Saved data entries
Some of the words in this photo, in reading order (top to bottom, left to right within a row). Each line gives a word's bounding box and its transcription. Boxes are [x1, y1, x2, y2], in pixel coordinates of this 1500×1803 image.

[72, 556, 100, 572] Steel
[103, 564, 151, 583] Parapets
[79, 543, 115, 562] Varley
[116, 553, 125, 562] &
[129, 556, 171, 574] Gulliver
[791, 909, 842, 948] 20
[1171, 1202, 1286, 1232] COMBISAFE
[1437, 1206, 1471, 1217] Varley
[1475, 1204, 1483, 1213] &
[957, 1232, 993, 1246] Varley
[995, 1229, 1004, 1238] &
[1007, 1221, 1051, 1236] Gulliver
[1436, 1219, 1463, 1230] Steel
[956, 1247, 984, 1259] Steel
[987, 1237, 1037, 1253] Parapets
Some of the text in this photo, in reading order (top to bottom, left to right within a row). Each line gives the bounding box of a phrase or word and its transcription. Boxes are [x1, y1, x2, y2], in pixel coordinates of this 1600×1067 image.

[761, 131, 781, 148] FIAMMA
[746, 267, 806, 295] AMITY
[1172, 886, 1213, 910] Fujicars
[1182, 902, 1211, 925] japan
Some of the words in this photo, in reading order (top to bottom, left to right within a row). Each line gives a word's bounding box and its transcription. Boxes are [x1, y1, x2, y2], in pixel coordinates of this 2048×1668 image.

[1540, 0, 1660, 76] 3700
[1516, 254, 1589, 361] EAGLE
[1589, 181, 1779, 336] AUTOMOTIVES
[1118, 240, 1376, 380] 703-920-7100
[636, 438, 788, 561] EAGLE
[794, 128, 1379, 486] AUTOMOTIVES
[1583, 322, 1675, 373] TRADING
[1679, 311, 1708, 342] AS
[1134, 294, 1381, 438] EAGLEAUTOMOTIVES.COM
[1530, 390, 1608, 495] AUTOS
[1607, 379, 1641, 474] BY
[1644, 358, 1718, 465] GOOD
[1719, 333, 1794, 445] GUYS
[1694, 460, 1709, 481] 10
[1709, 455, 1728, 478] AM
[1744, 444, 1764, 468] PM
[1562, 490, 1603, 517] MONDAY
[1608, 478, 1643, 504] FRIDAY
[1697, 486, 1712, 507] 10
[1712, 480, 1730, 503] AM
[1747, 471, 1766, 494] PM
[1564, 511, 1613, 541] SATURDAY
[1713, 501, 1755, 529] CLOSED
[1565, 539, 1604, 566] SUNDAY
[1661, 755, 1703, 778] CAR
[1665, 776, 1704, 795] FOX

What to produce
Write the data out once more. Keep every word the same.

Task solution
Some of the words in this photo, in reading order (top to bottom, left to right within a row). Each line gives a word's bounding box and its transcription. Boxes are [x1, y1, x2, y2], in pixel coordinates of this 1500×1803 image.

[72, 556, 100, 572] Steel
[103, 564, 151, 583] Parapets
[79, 543, 115, 562] Varley
[116, 553, 125, 562] &
[129, 556, 171, 574] Gulliver
[791, 909, 842, 948] 20
[1171, 1202, 1286, 1232] COMBISAFE
[1437, 1206, 1471, 1217] Varley
[1475, 1204, 1483, 1213] &
[957, 1232, 993, 1246] Varley
[995, 1229, 1004, 1238] &
[1007, 1221, 1051, 1236] Gulliver
[1436, 1219, 1463, 1230] Steel
[956, 1247, 984, 1259] Steel
[987, 1237, 1037, 1253] Parapets
Some of the text in this photo, in reading order (top to bottom, left to right within a row). Each line gives the bounding box of a phrase or word and its transcription. Boxes are [x1, y1, x2, y2], in pixel coordinates of this 1600×1067 image.

[761, 131, 781, 148] FIAMMA
[746, 267, 806, 295] AMITY
[1172, 886, 1213, 910] Fujicars
[1182, 902, 1211, 925] japan
Some of the words in this photo, in reading order (top to bottom, left to right within a row). Each line gives a word's bounding box and its transcription. Boxes are [x1, y1, x2, y2], in pixel coordinates of this 2048×1668 image.

[1540, 0, 1660, 76] 3700
[1516, 254, 1589, 361] EAGLE
[1589, 181, 1779, 336] AUTOMOTIVES
[1118, 240, 1376, 380] 703-920-7100
[636, 438, 788, 561] EAGLE
[794, 128, 1379, 486] AUTOMOTIVES
[1583, 322, 1675, 373] TRADING
[1679, 311, 1708, 342] AS
[1134, 294, 1381, 438] EAGLEAUTOMOTIVES.COM
[1530, 390, 1608, 495] AUTOS
[1607, 379, 1641, 474] BY
[1644, 358, 1718, 465] GOOD
[1719, 333, 1794, 445] GUYS
[1694, 460, 1709, 481] 10
[1709, 455, 1728, 478] AM
[1744, 444, 1764, 468] PM
[1562, 490, 1603, 517] MONDAY
[1608, 478, 1643, 504] FRIDAY
[1697, 486, 1712, 507] 10
[1712, 480, 1730, 503] AM
[1747, 471, 1766, 494] PM
[1564, 511, 1613, 541] SATURDAY
[1713, 501, 1755, 529] CLOSED
[1565, 539, 1604, 566] SUNDAY
[1661, 755, 1703, 778] CAR
[1665, 776, 1704, 795] FOX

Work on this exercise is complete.